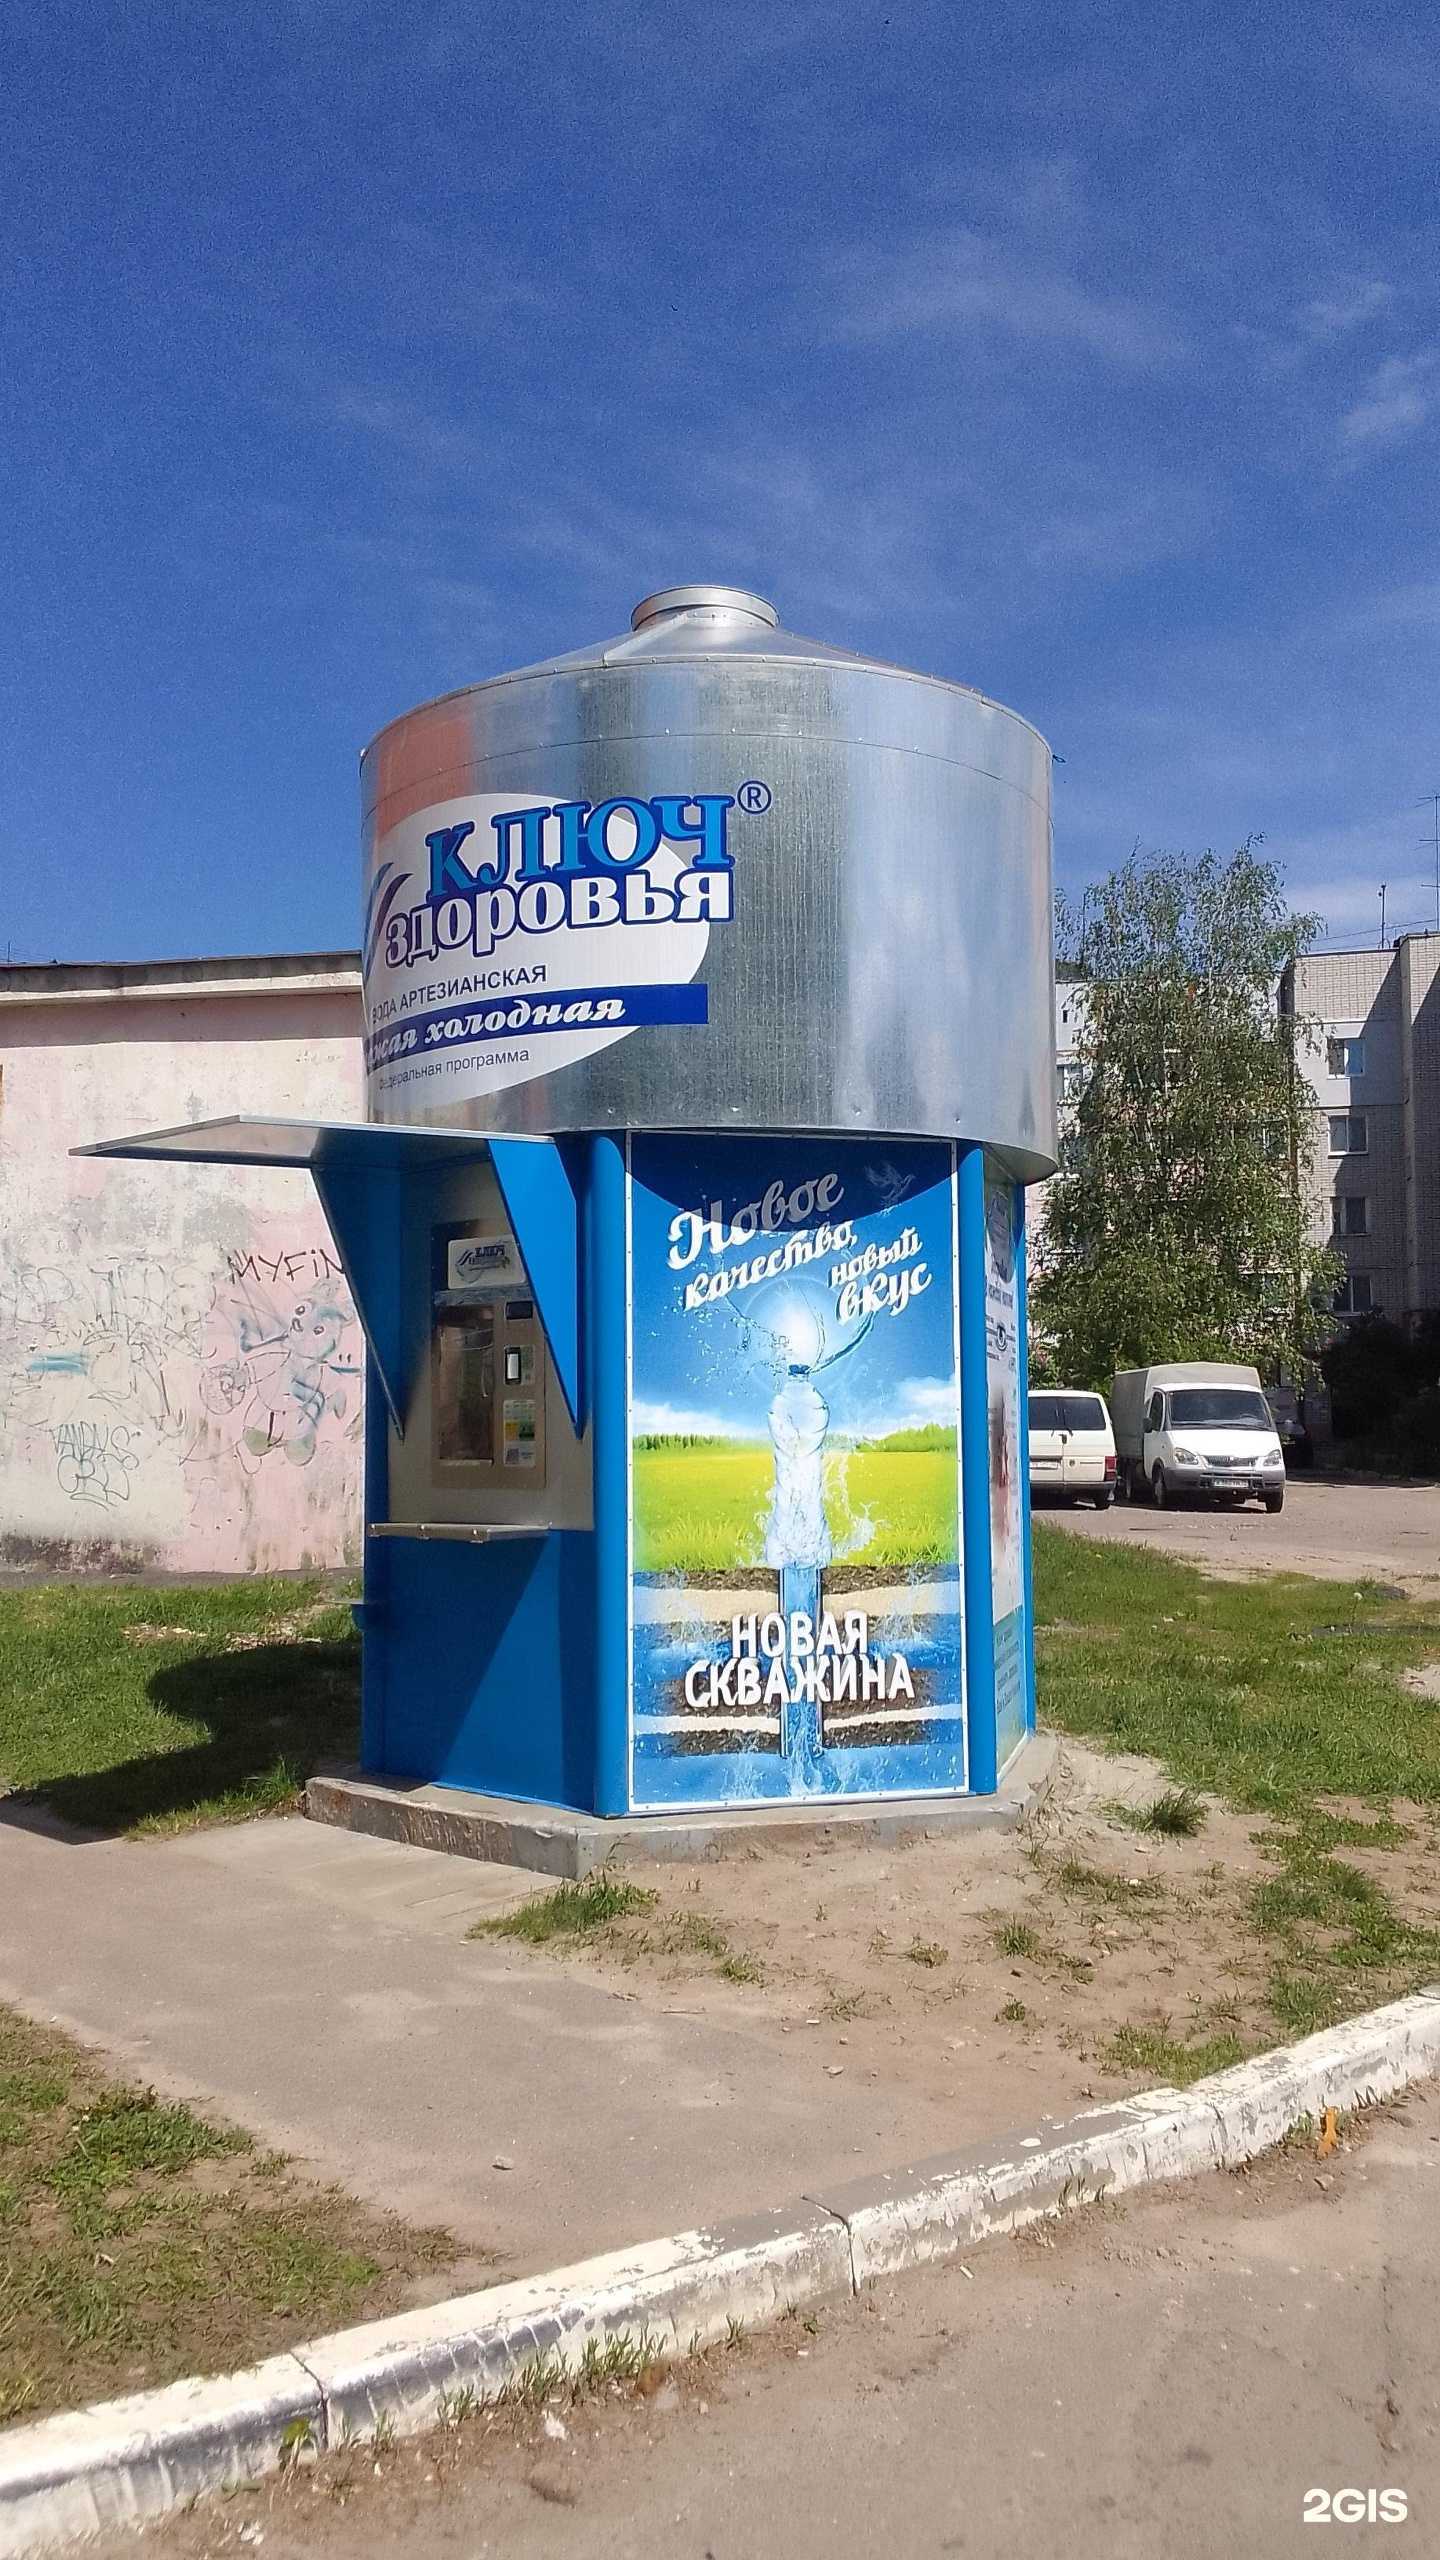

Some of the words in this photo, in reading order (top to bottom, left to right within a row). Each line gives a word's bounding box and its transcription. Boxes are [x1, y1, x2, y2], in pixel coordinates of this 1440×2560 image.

[400, 965, 547, 1010] АРТЕЗИАНСКАЯ
[425, 998, 625, 1044] холодная
[446, 1050, 529, 1072] программа
[667, 1172, 845, 1270] Новое
[684, 1219, 857, 1312] качество,
[828, 1226, 923, 1288] новый
[837, 1262, 932, 1325] вкус
[731, 1610, 869, 1659] НОВАЯ
[684, 1652, 916, 1709] СКВАЖИНА
==============================
#### [Work instruction]
Write each entry again exactly, minus any images.

#### [Reply to the exercise]
Some of the words in this photo, in reading order (top to bottom, left to right within a row). Each line gives a word's bounding box and its transcription. Boxes are [x1, y1, x2, y2], in pixel coordinates of this 1440×2560 image.

[400, 965, 547, 1010] АРТЕЗИАНСКАЯ
[425, 998, 625, 1044] холодная
[446, 1050, 529, 1072] программа
[667, 1172, 845, 1270] Новое
[684, 1219, 857, 1312] качество,
[828, 1226, 923, 1288] новый
[837, 1262, 932, 1325] вкус
[731, 1610, 869, 1659] НОВАЯ
[684, 1652, 916, 1709] СКВАЖИНА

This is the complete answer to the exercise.